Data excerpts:
▽

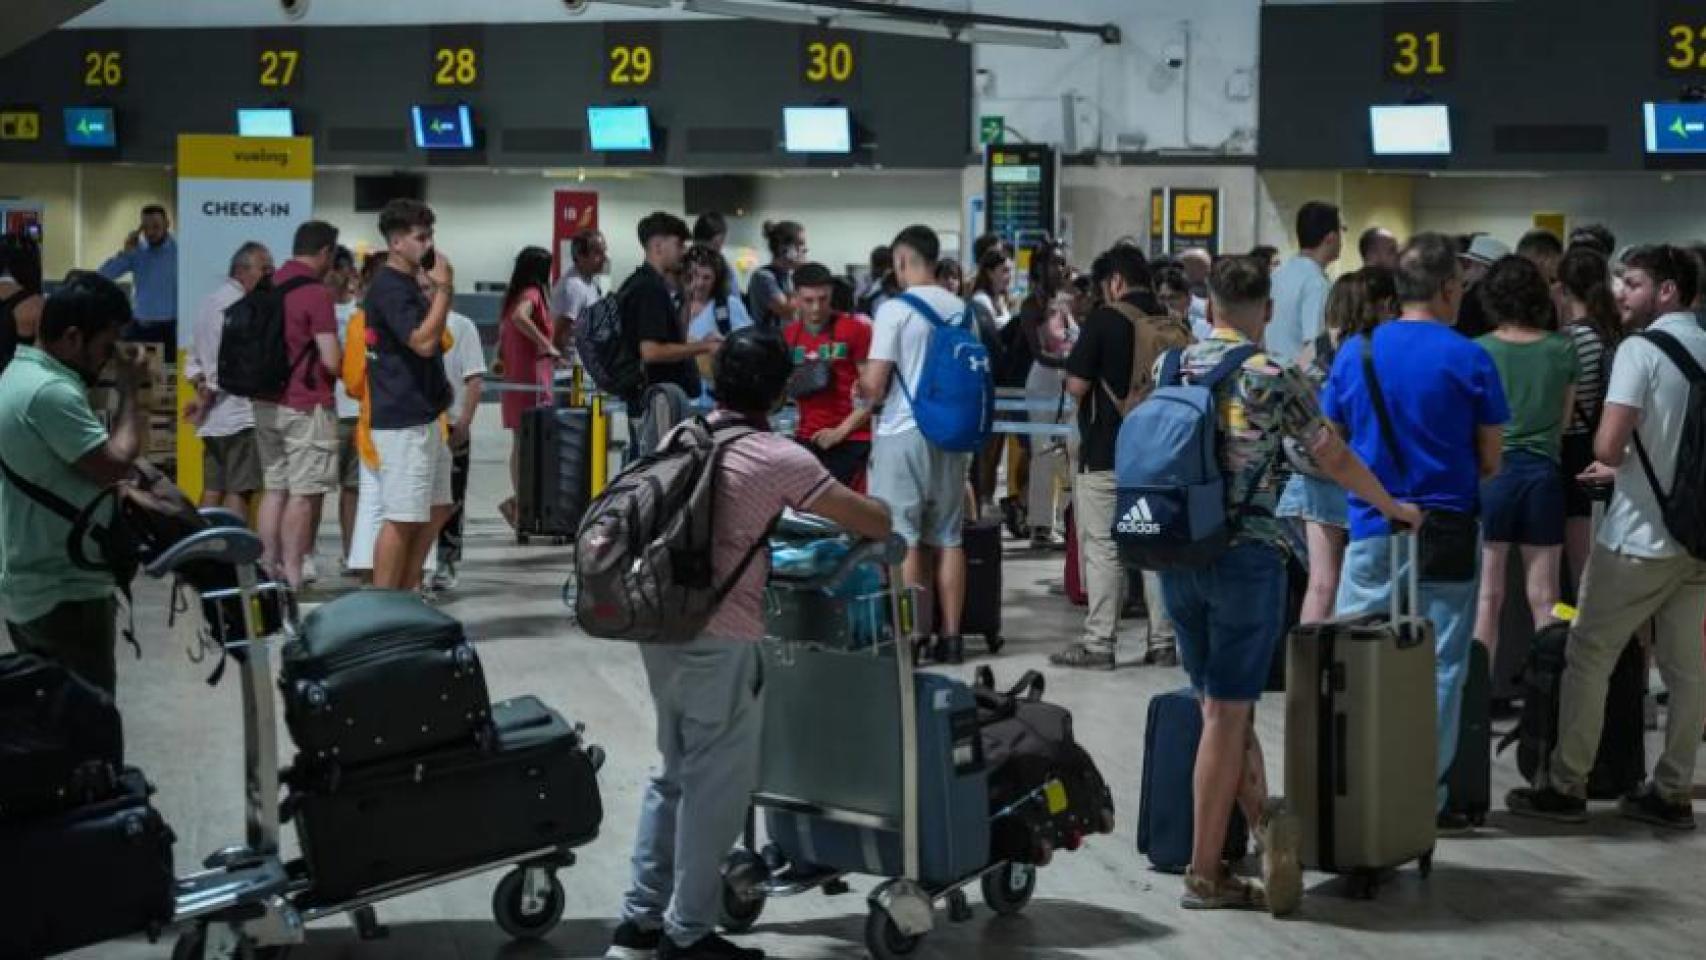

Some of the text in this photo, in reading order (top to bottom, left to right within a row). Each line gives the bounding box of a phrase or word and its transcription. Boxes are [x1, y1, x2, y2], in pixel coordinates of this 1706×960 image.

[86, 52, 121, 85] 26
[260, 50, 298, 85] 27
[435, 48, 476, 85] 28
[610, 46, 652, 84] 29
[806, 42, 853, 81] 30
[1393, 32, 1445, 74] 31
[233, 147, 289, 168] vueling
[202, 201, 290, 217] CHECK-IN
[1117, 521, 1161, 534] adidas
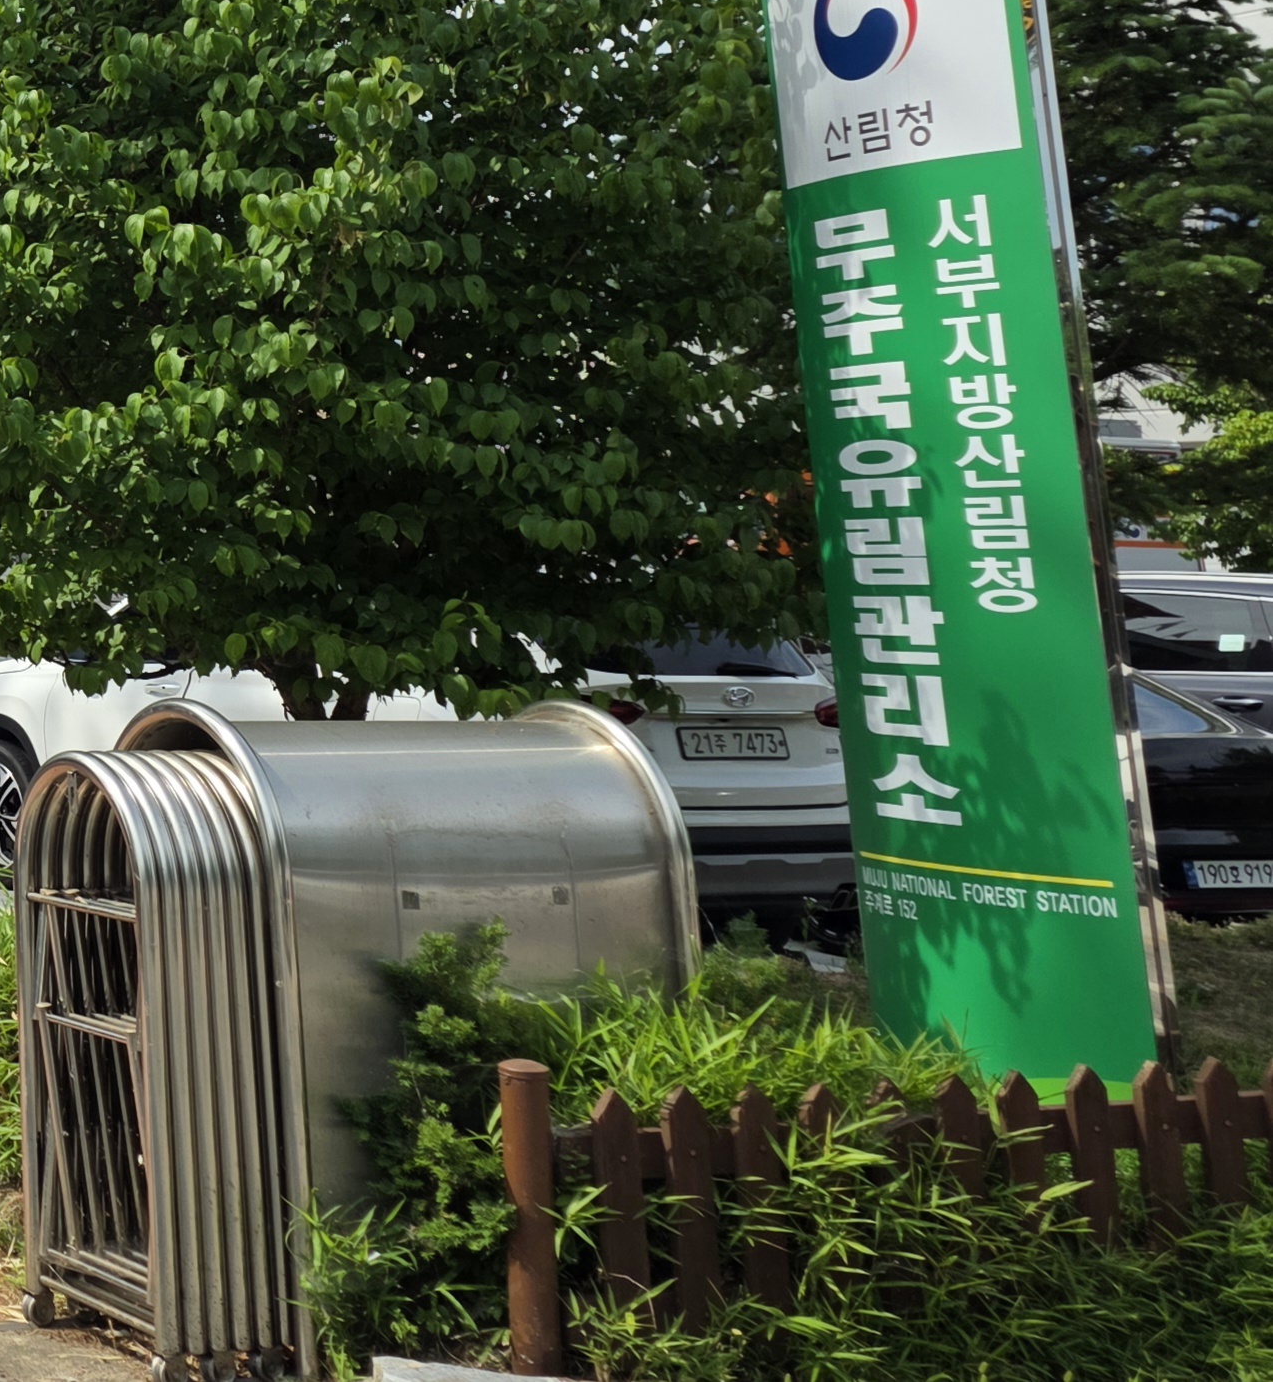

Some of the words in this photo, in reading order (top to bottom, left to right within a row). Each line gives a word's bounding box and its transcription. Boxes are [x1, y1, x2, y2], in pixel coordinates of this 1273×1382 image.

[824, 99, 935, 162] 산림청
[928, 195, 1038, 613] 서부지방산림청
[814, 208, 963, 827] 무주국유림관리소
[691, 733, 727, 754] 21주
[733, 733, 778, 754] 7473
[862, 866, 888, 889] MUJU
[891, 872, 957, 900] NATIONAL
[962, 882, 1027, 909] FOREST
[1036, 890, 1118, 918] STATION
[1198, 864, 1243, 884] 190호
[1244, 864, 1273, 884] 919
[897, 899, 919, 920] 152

△

# [Aim of the exercise]
Return every record exactly, leaving out the pictures.

# [Exercise solution]
Some of the text in this photo, in reading order (top to bottom, left to right within a row). Each line gives the bounding box of a phrase or word and its transcription. Boxes are [x1, y1, x2, y2], in pixel coordinates of this 1706×960 image.

[86, 52, 121, 85] 26
[260, 50, 298, 85] 27
[435, 48, 476, 85] 28
[610, 46, 652, 84] 29
[806, 42, 853, 81] 30
[1393, 32, 1445, 74] 31
[233, 147, 289, 168] vueling
[202, 201, 290, 217] CHECK-IN
[1117, 521, 1161, 534] adidas

Some of the words in this photo, in reading order (top to bottom, left to right within a row). Each line gives a word's bounding box and its transcription. Boxes are [x1, y1, x2, y2], in pixel coordinates of this 1273×1382 image.

[824, 99, 935, 162] 산림청
[928, 195, 1038, 613] 서부지방산림청
[814, 208, 963, 827] 무주국유림관리소
[691, 733, 727, 754] 21주
[733, 733, 778, 754] 7473
[862, 866, 888, 889] MUJU
[891, 872, 957, 900] NATIONAL
[962, 882, 1027, 909] FOREST
[1036, 890, 1118, 918] STATION
[1198, 864, 1243, 884] 190호
[1244, 864, 1273, 884] 919
[897, 899, 919, 920] 152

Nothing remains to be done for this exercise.